Seeking advice on intinerary of 11 days in Valais

  • flochan
    Participant
    7 posts
    17 August 2016 at 16:21:55 #809916

    Greetings from Hong Kong.

    My friend and I are planning for our second trip to Switzerland in early October. The dates are not fixed yet, though we can only be away from work for two weeks at most. That means we probably have around 10 to 12 nights in the country between our flights from home to Zurich and from Zurich back home. Both of us are mainly interested in scenery, easy hiking (3 – 4 hours at most), and taking strolls in village. Last time we enjoyed ourselves, at a fairly leisurely pace, in exploring the Bernese Oberland region for 8 nights, basing in Interlaken (3 nights) and Grindelwald (5 nights). This time we’d like to base in the Valais canton to do likewise and explore some areas, again with the use of public transport as we don’t drive. Below is our tentative itinerary (for 10 nights). I would grearly appreciate comments and advice.
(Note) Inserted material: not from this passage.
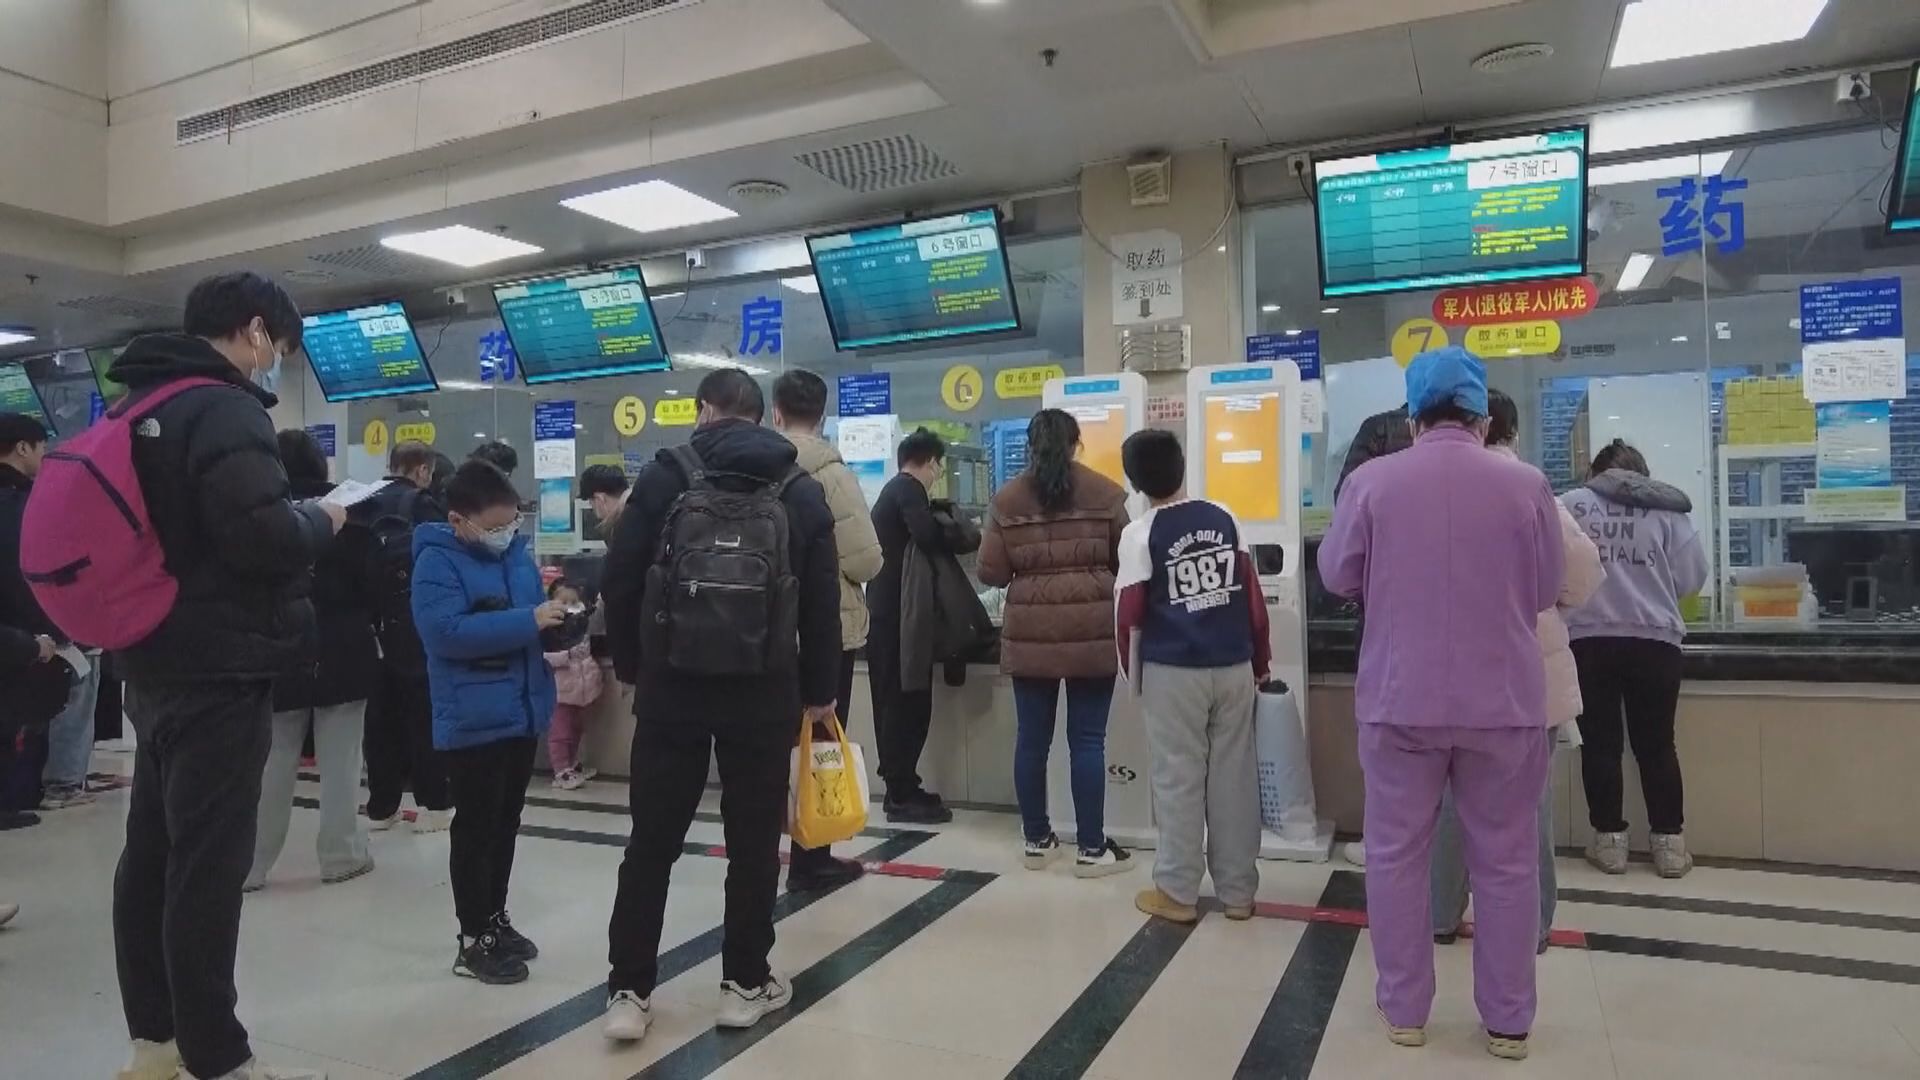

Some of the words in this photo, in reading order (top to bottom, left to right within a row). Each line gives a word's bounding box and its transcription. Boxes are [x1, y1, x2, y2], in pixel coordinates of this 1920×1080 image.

    • Days 1 – 2 (Nax Mont-Noble): Arrive at Zurich airport in the early morning (ard 6:30). Travel to Nax Mont-Noble. Check in to the hotel (Maya Boutique Hotel), relax and enjoy the facilities on the first day. On the second day, Go hiking along the nature trail from Nax to Eison.
    • Day 3 (Brig): Travel to Brig before noon. Explore the town.
    • Days 4 – 5 (Zermatt): Leave our luggage behind in Brig and travel to Zermatt in the morning and explore the village on the first day. On the second day, go hiking along the lake trail from Blauherd to Gornergrat.
    • Day 6 (Brig): Go back to Brig in the afternoon to stay the night.
    • Days 7 – 8 (Bettmeralp): Travel to Bettmeralp. Check-in to hotel there and have a walk in the village on the first day. On the second day, go hiking along the Aletsch Glacier trail from Betterhorn via Marjelensee to Fiescheralp.
    • Days 9 – 10 (Zurich): Go back to Zurich. Check-in to hotel and have a walk in the city on the first day. On the second day, go to the Rhine Falls.
    • Day 11 — Go back home from Zurich, probably by the flight departing at 1:30pm.

    In fact I’ve got stuck at this planning stage as I actually don’t want to move around hotels that frequently. Would it be better for me to spend Days 3-6 all in either Zermatt or Brig? I’m also not sure if it’s worth the fuss to go to Nax Mont-Noble, while really wishing to have a relaxing time in a quiet and not touristy area.

    And at this point of time, I still haven’t thought of the issue of rail pass. Guess I can only decide after fixing the skeleton.

    Thank you for reading this long post. Hope to hear some feeback soon.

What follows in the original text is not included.